** Exercise input follows **
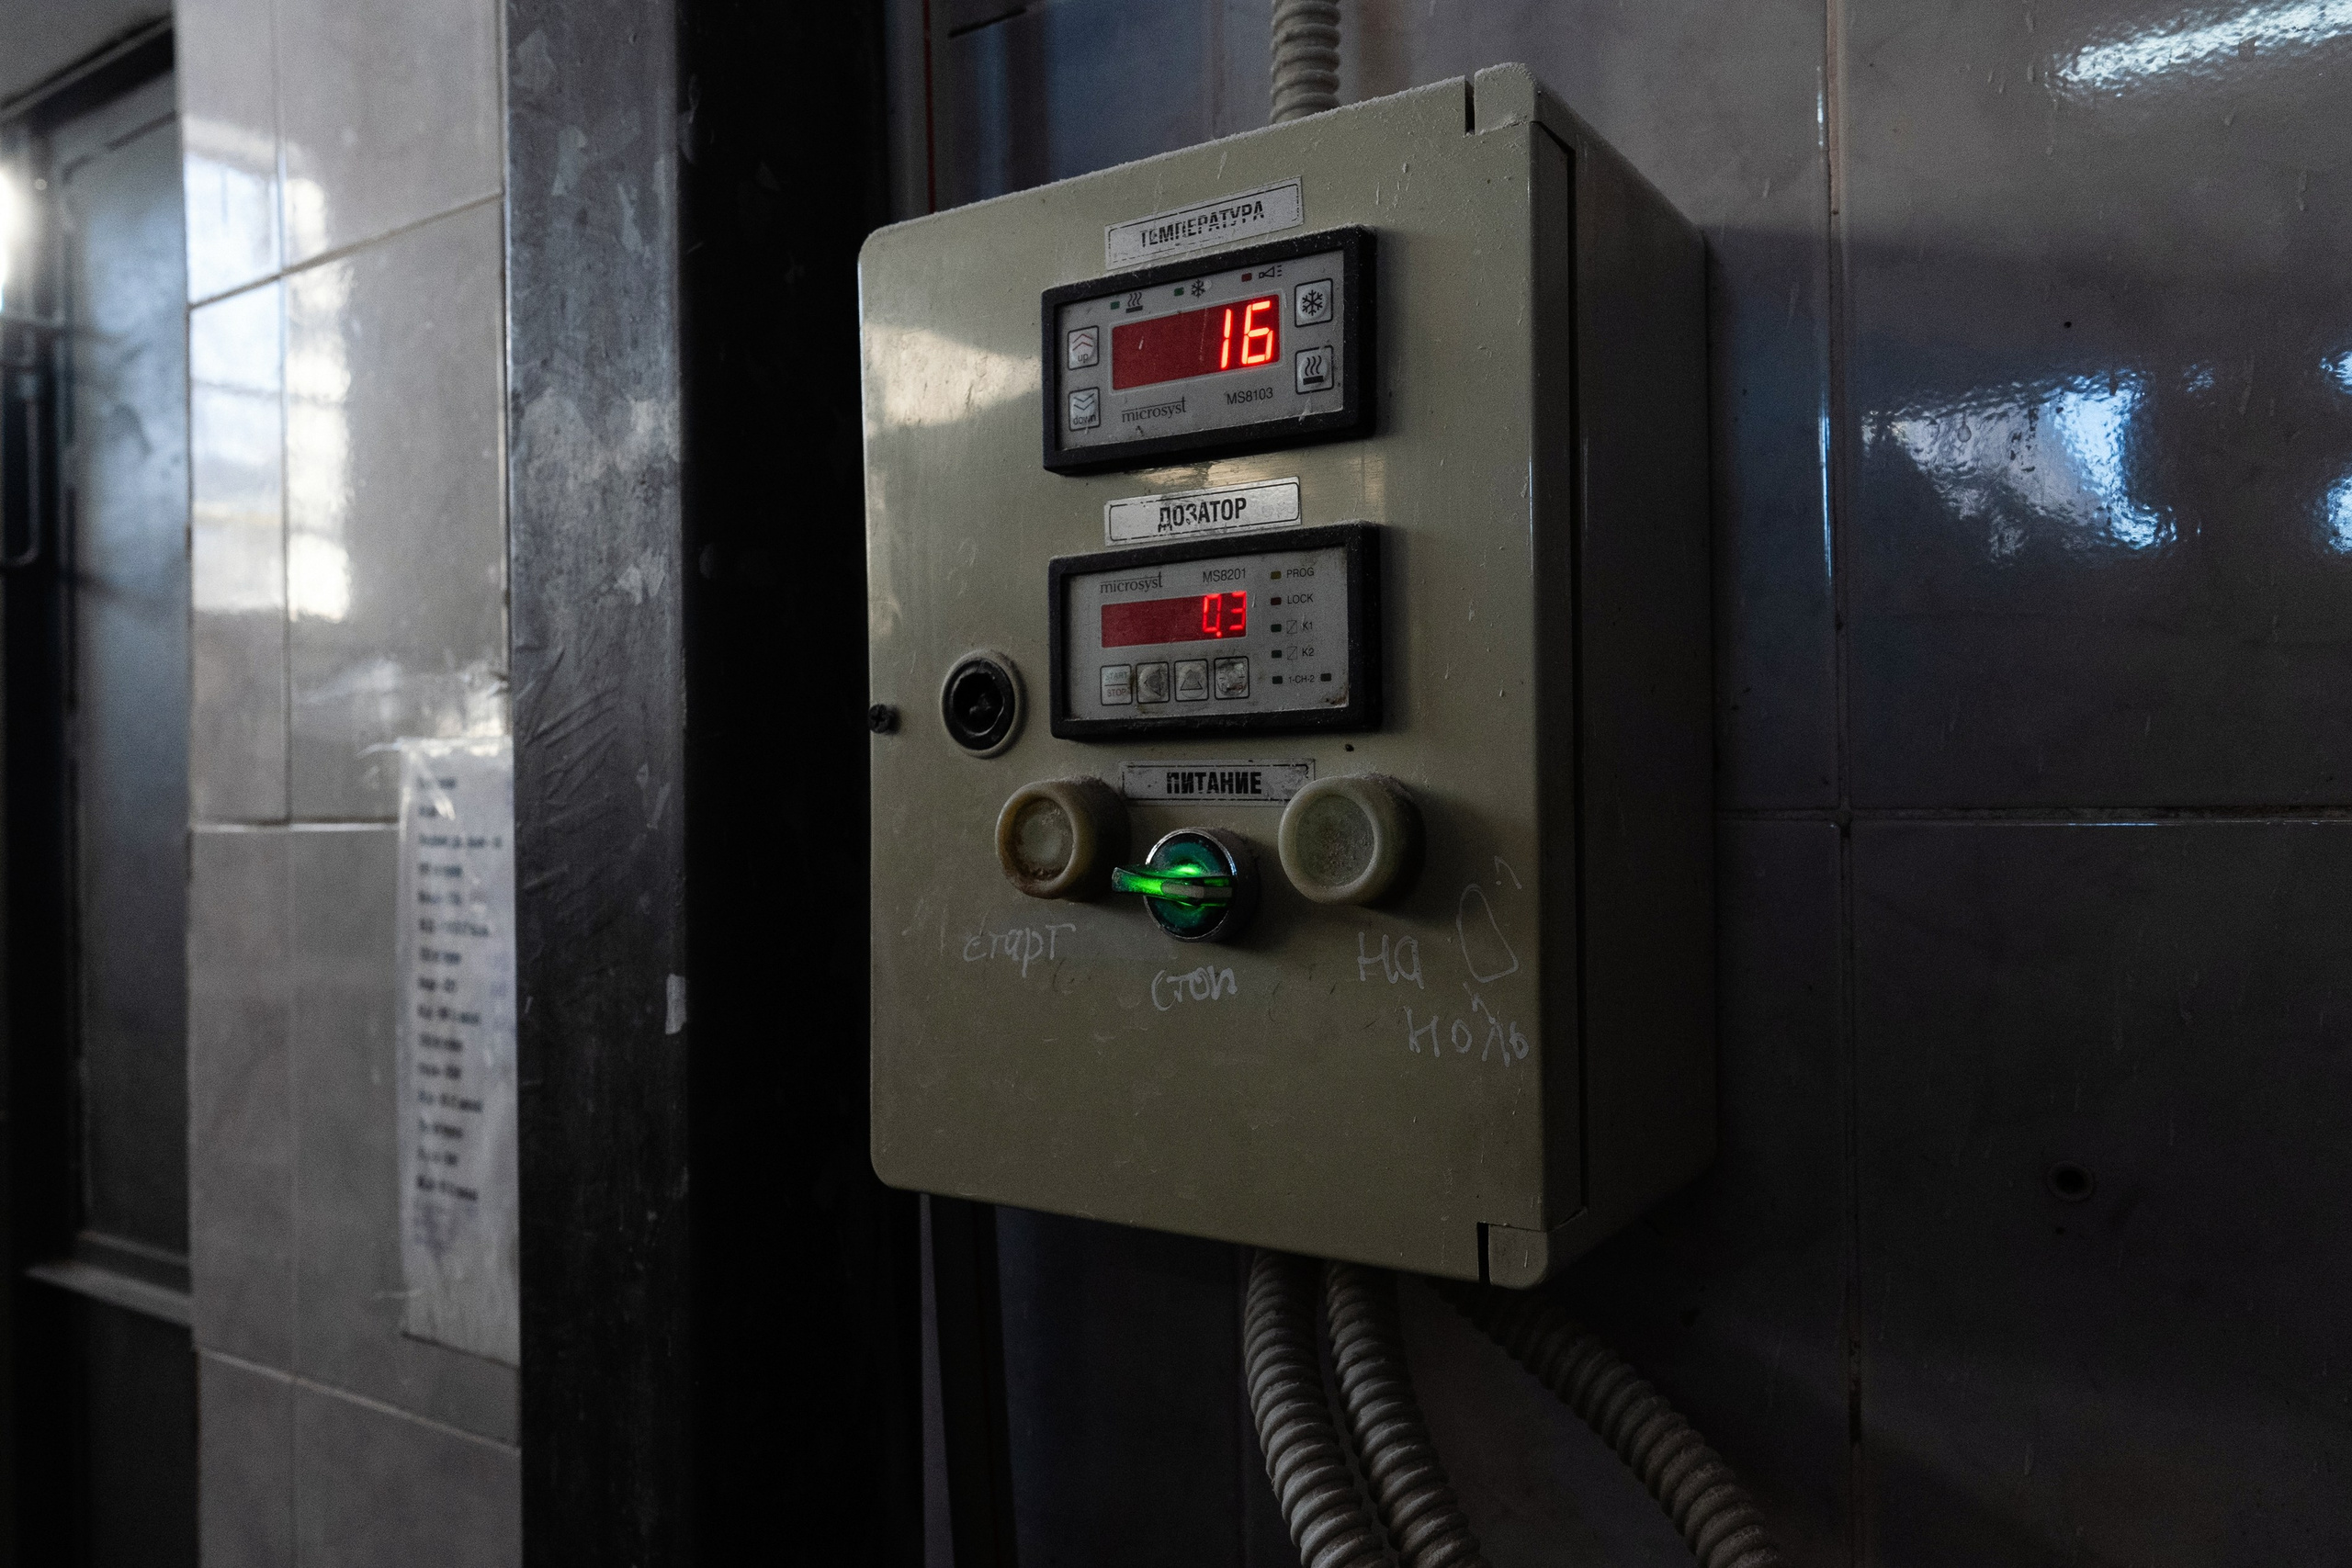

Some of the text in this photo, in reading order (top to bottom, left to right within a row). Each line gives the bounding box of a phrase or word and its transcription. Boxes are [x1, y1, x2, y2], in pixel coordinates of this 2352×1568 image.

[1140, 200, 1264, 248] ТЕМПЕРАТУРА
[1220, 299, 1274, 370] 16
[1227, 387, 1273, 406] MS8103
[1121, 396, 1187, 423] microsyst
[1158, 497, 1248, 533] ДОЗАТОР
[1100, 571, 1163, 594] microsyst
[1203, 568, 1247, 583] MS8201
[1286, 567, 1315, 579] PROG
[1287, 593, 1314, 605] LOCK
[1303, 622, 1314, 631] K1
[1302, 648, 1315, 657] K2
[1166, 771, 1262, 795] ПИТАНИЕ
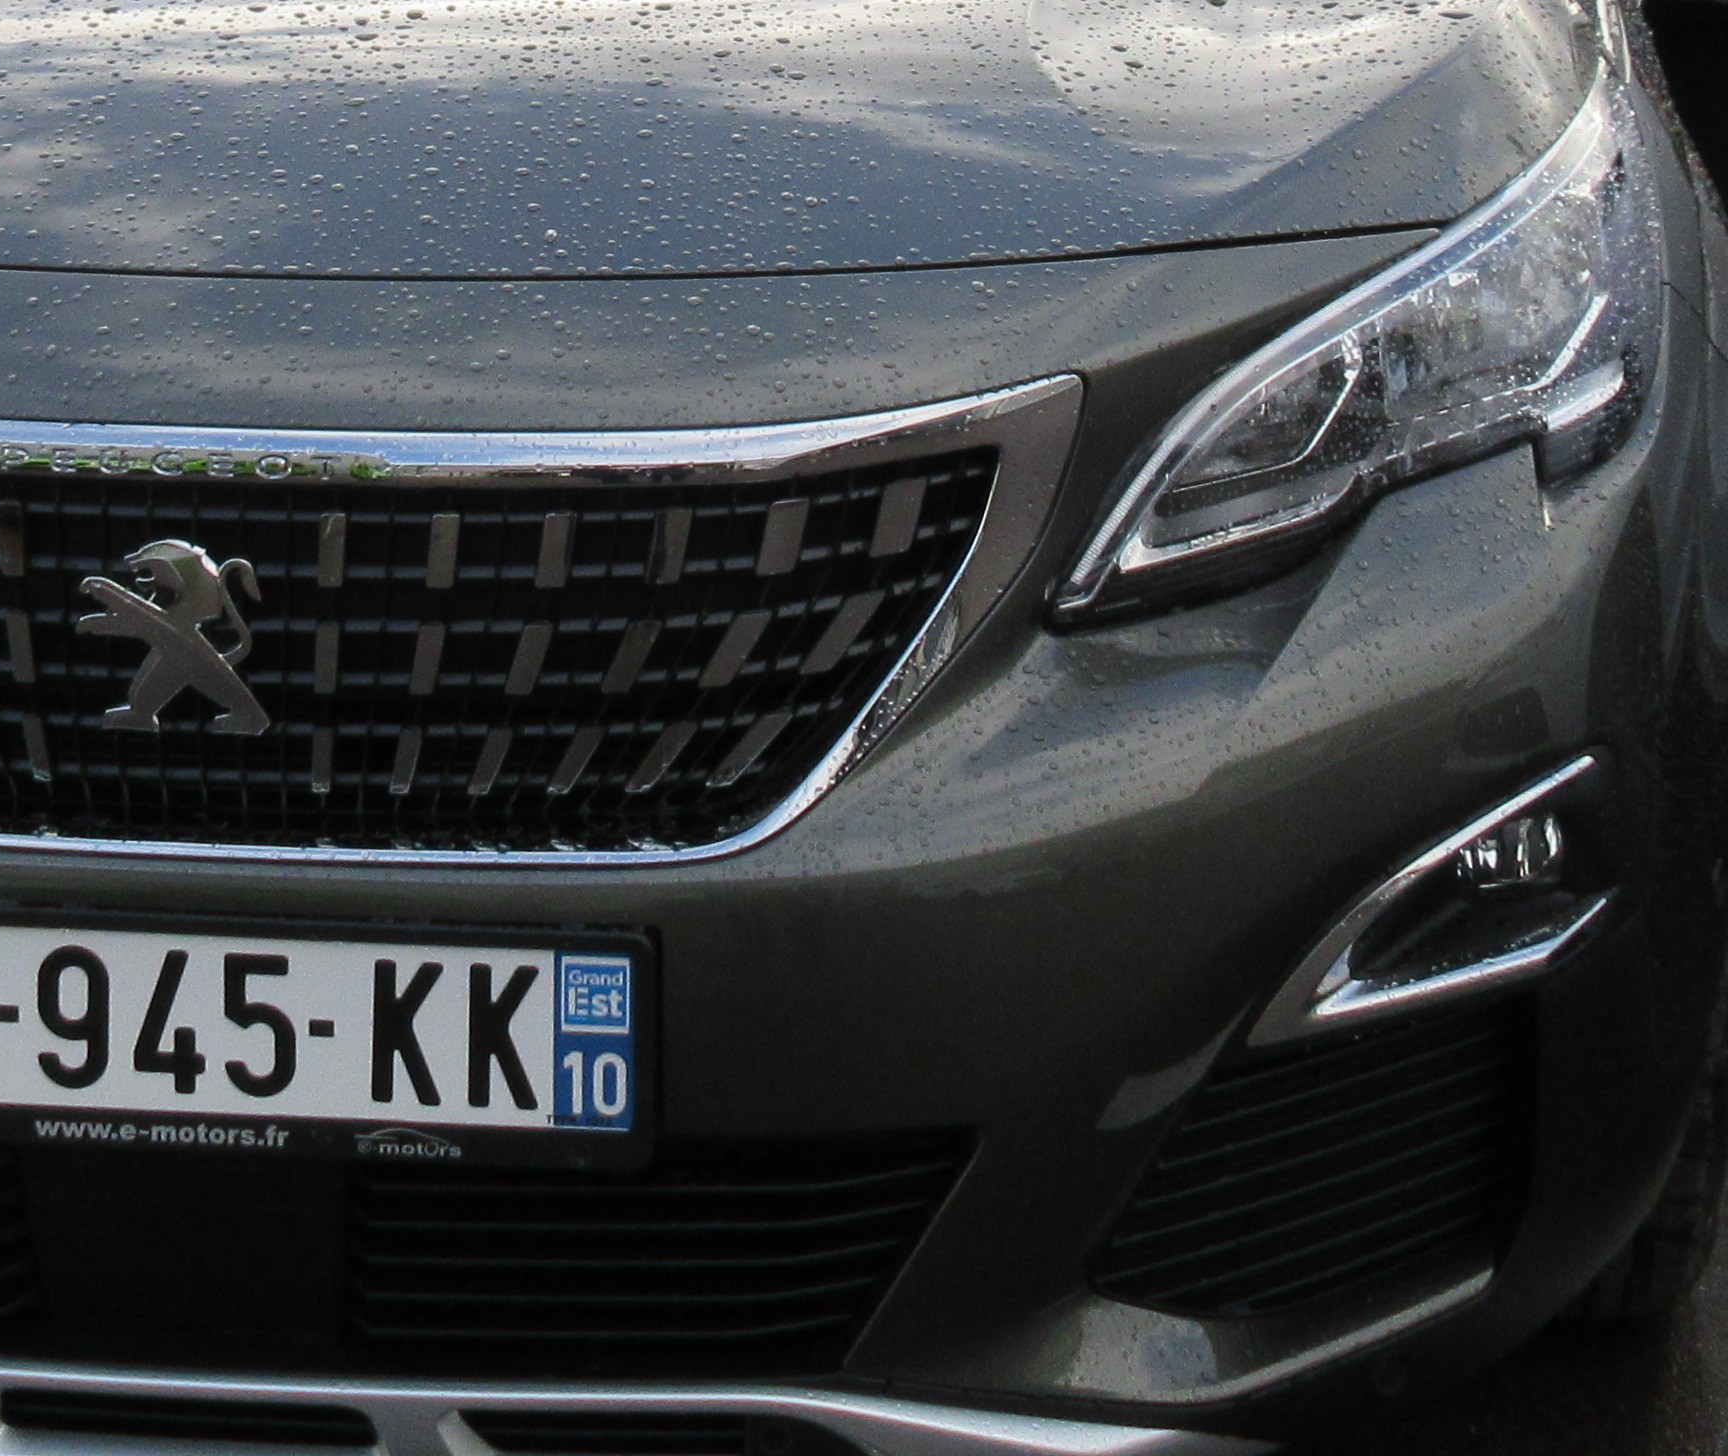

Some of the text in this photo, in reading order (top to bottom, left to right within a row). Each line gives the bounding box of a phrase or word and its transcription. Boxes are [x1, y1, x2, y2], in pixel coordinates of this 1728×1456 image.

[569, 969, 624, 987] Grand
[568, 987, 624, 1018] Est
[564, 1051, 627, 1116] 10
[34, 1120, 290, 1146] www.e-motors.fr
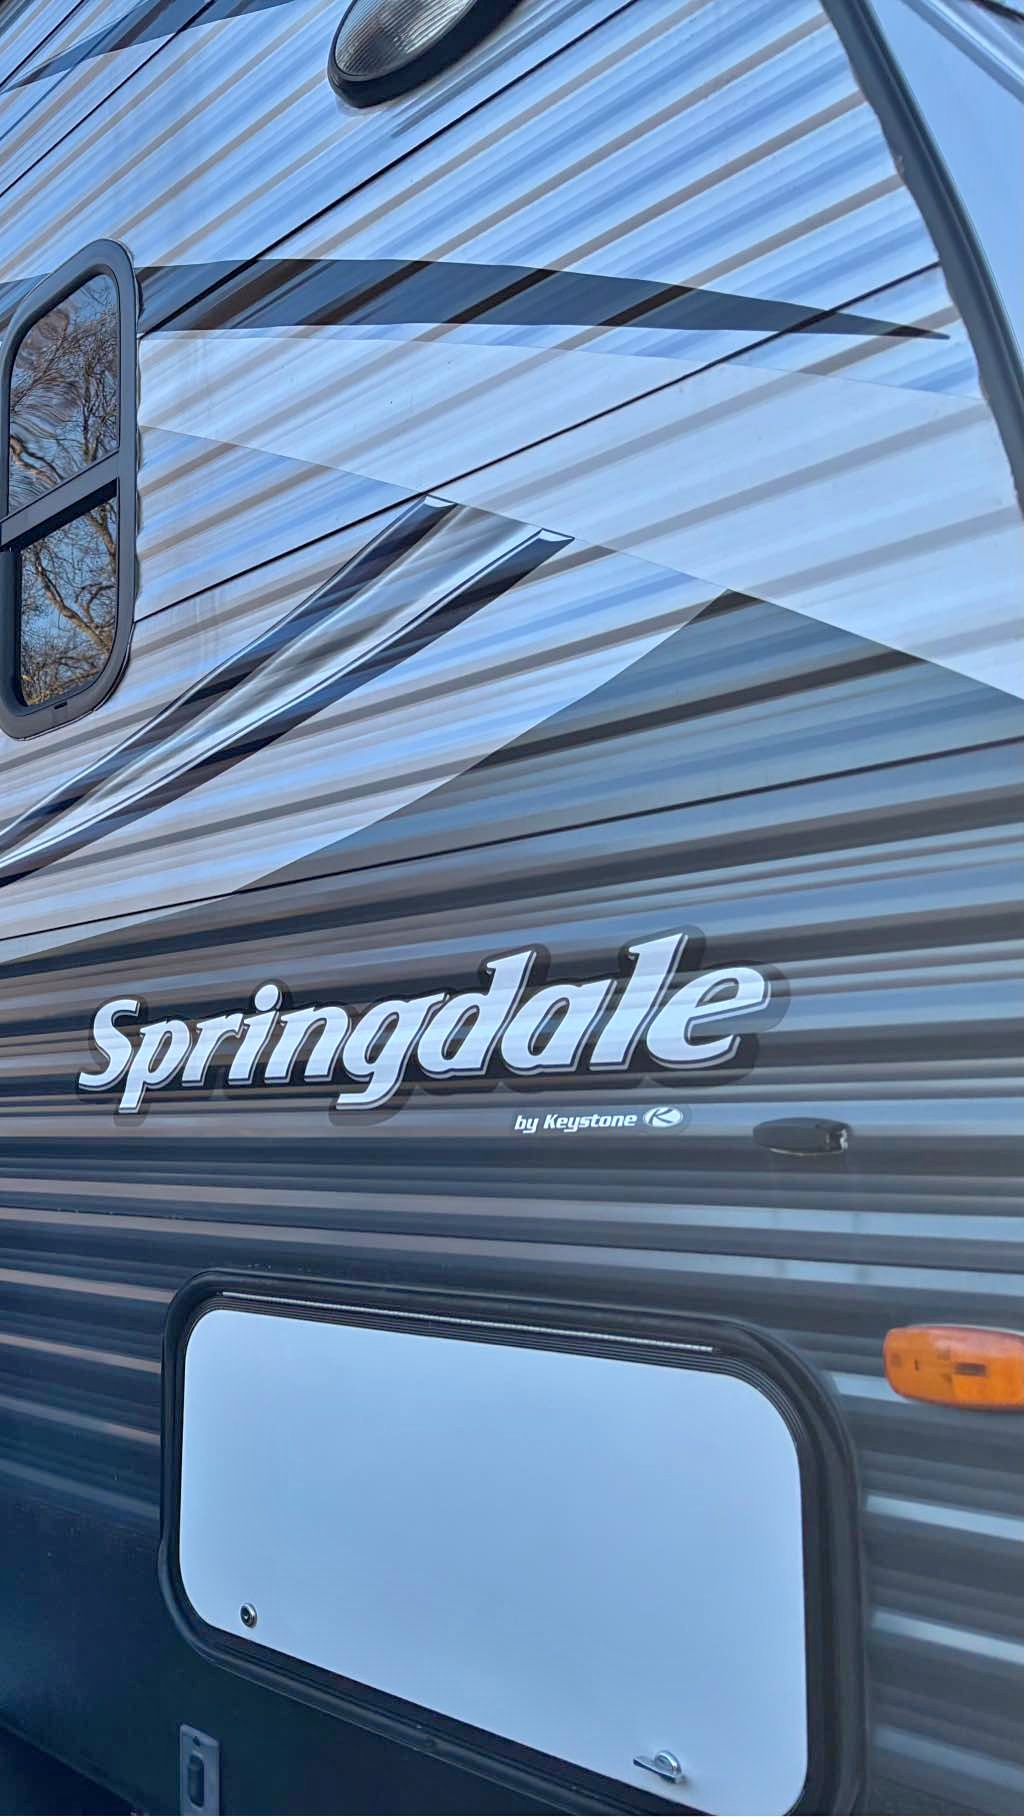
** End of Exercise input **
Your instructions = The records are to be retyped in full and exactly, with no image carried over.

Your response =
Some of the text in this photo, in reading order (top to bottom, left to right within a row). Each line gives the bounding box of a phrase or word and its transcription. Boxes are [x1, y1, x2, y2], in pixel coordinates of this 2352×1568 image.

[1140, 200, 1264, 248] ТЕМПЕРАТУРА
[1220, 299, 1274, 370] 16
[1227, 387, 1273, 406] MS8103
[1121, 396, 1187, 423] microsyst
[1158, 497, 1248, 533] ДОЗАТОР
[1100, 571, 1163, 594] microsyst
[1203, 568, 1247, 583] MS8201
[1286, 567, 1315, 579] PROG
[1287, 593, 1314, 605] LOCK
[1303, 622, 1314, 631] K1
[1302, 648, 1315, 657] K2
[1166, 771, 1262, 795] ПИТАНИЕ

Some of the text in this photo, in reading order (top to bottom, left to right within a row). Each line gives the bounding box of a phrase or word and its transcription. Boxes are [x1, y1, x2, y2], in pixel coordinates of this 1728×1456 image.

[569, 969, 624, 987] Grand
[568, 987, 624, 1018] Est
[564, 1051, 627, 1116] 10
[34, 1120, 290, 1146] www.e-motors.fr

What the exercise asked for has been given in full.